===== Data for review =====

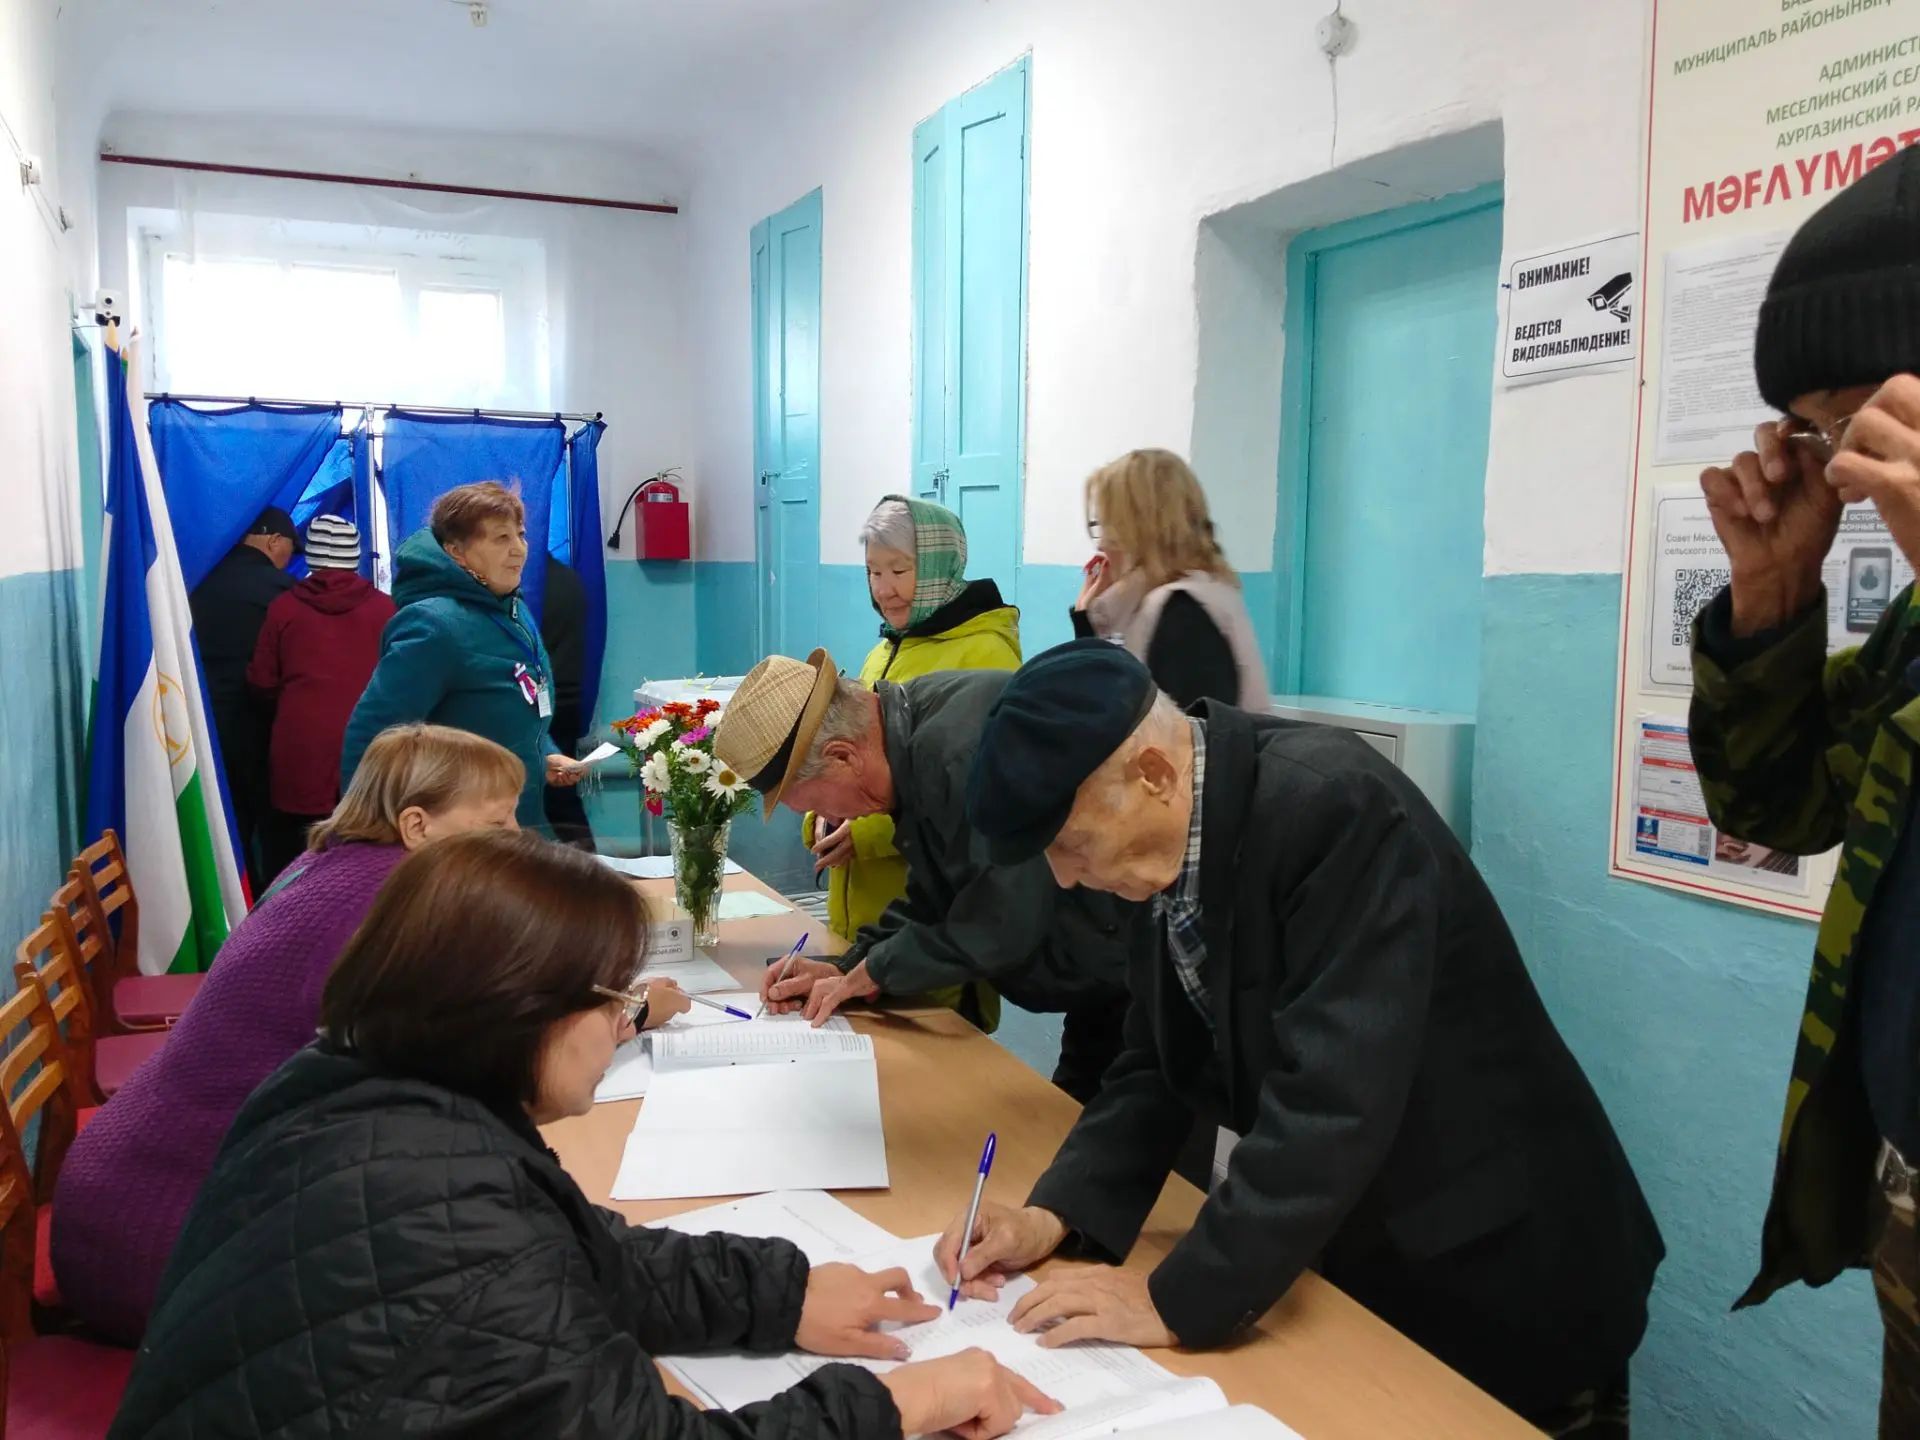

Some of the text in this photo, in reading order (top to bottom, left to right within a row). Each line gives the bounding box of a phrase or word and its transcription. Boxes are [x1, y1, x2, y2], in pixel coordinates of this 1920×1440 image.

[1674, 29, 1777, 75] МУНИЦИПАЛЬ
[1819, 35, 1920, 83] АДМИНИСТ
[1766, 70, 1888, 124] МЕСЕЛИНСКИЙ
[1776, 96, 1901, 149] АУРГАЗИНСКИЙ
[1518, 256, 1590, 290] ВНИМАНИЕ!
[1512, 329, 1630, 363] ВИДЕОНАБЛЮДЕНИЕ!
[1514, 319, 1562, 341] ВЕДЕТСЯ
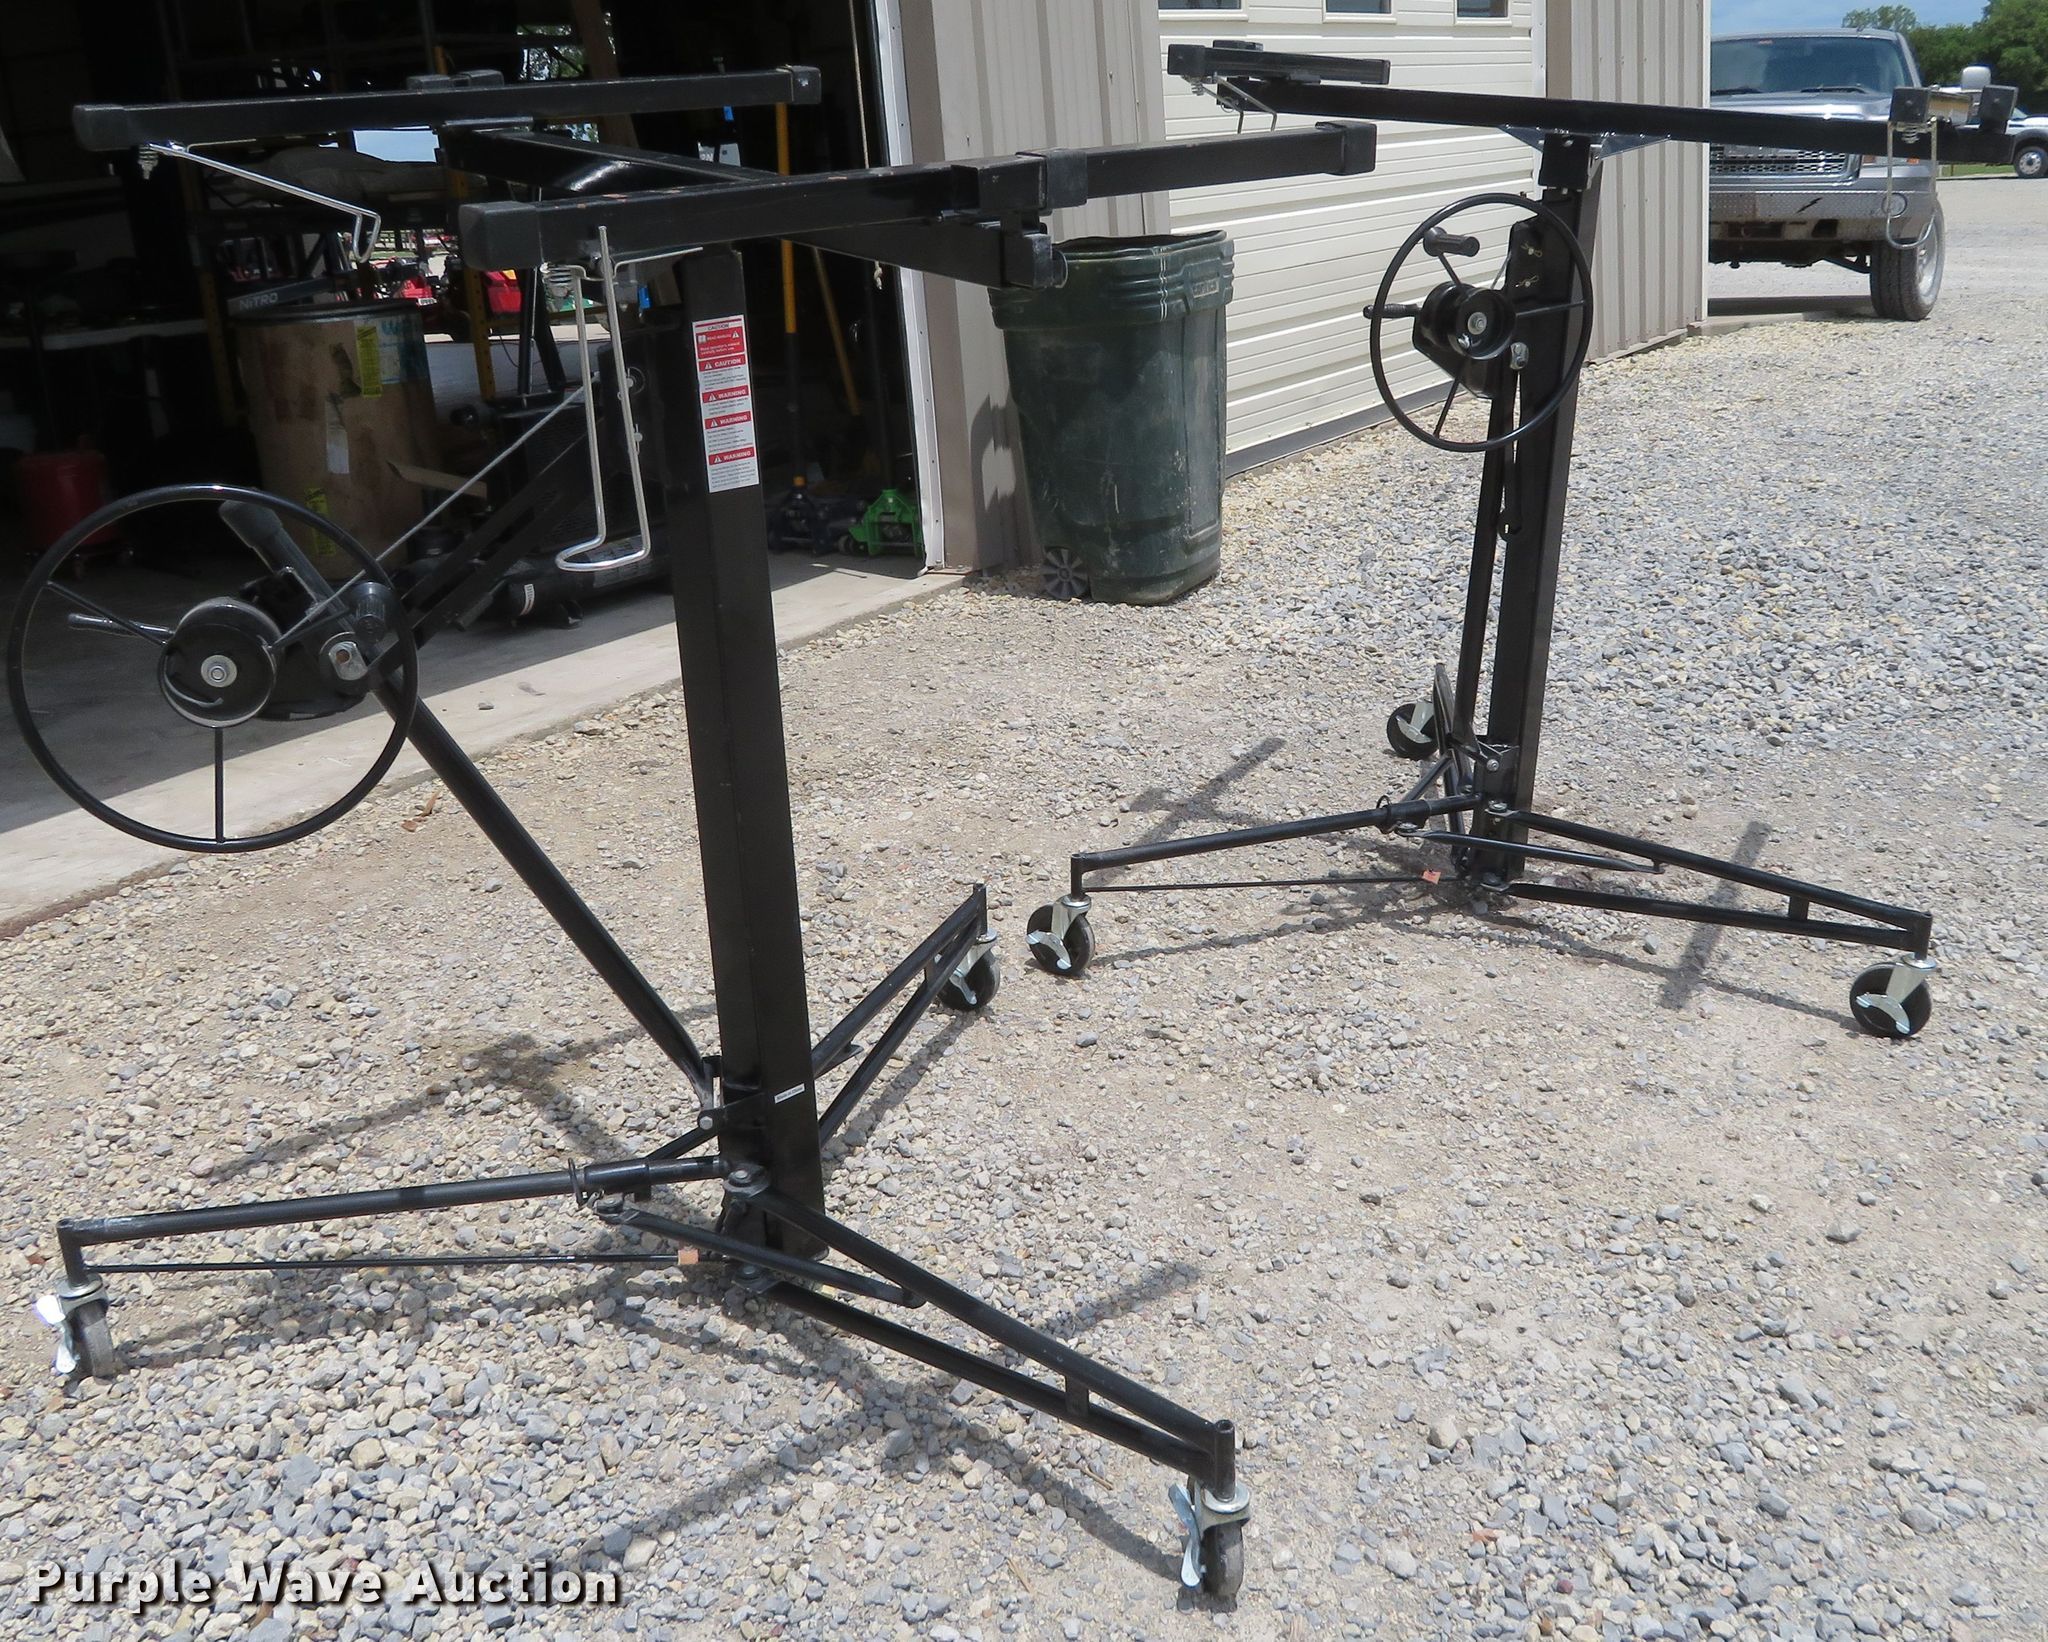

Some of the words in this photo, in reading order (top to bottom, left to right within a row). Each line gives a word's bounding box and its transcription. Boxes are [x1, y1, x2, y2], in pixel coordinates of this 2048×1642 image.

[714, 358, 742, 367] CAUTION
[718, 389, 746, 399] WARNING
[720, 415, 748, 424] WARNING
[723, 450, 751, 460] WARNING

=====

__Task instructions__: What this calls for is the material above set down exactly, pictures excluded.

__Result of the task__:
Some of the text in this photo, in reading order (top to bottom, left to right within a row). Each line gives the bounding box of a phrase or word and its transcription. Boxes are [x1, y1, x2, y2], in pixel coordinates of this 1920×1440 image.

[1674, 29, 1777, 75] МУНИЦИПАЛЬ
[1819, 35, 1920, 83] АДМИНИСТ
[1766, 70, 1888, 124] МЕСЕЛИНСКИЙ
[1776, 96, 1901, 149] АУРГАЗИНСКИЙ
[1518, 256, 1590, 290] ВНИМАНИЕ!
[1512, 329, 1630, 363] ВИДЕОНАБЛЮДЕНИЕ!
[1514, 319, 1562, 341] ВЕДЕТСЯ

Some of the words in this photo, in reading order (top to bottom, left to right within a row). Each line gives a word's bounding box and its transcription. Boxes are [x1, y1, x2, y2], in pixel coordinates of this 2048×1642 image.

[714, 358, 742, 367] CAUTION
[718, 389, 746, 399] WARNING
[720, 415, 748, 424] WARNING
[723, 450, 751, 460] WARNING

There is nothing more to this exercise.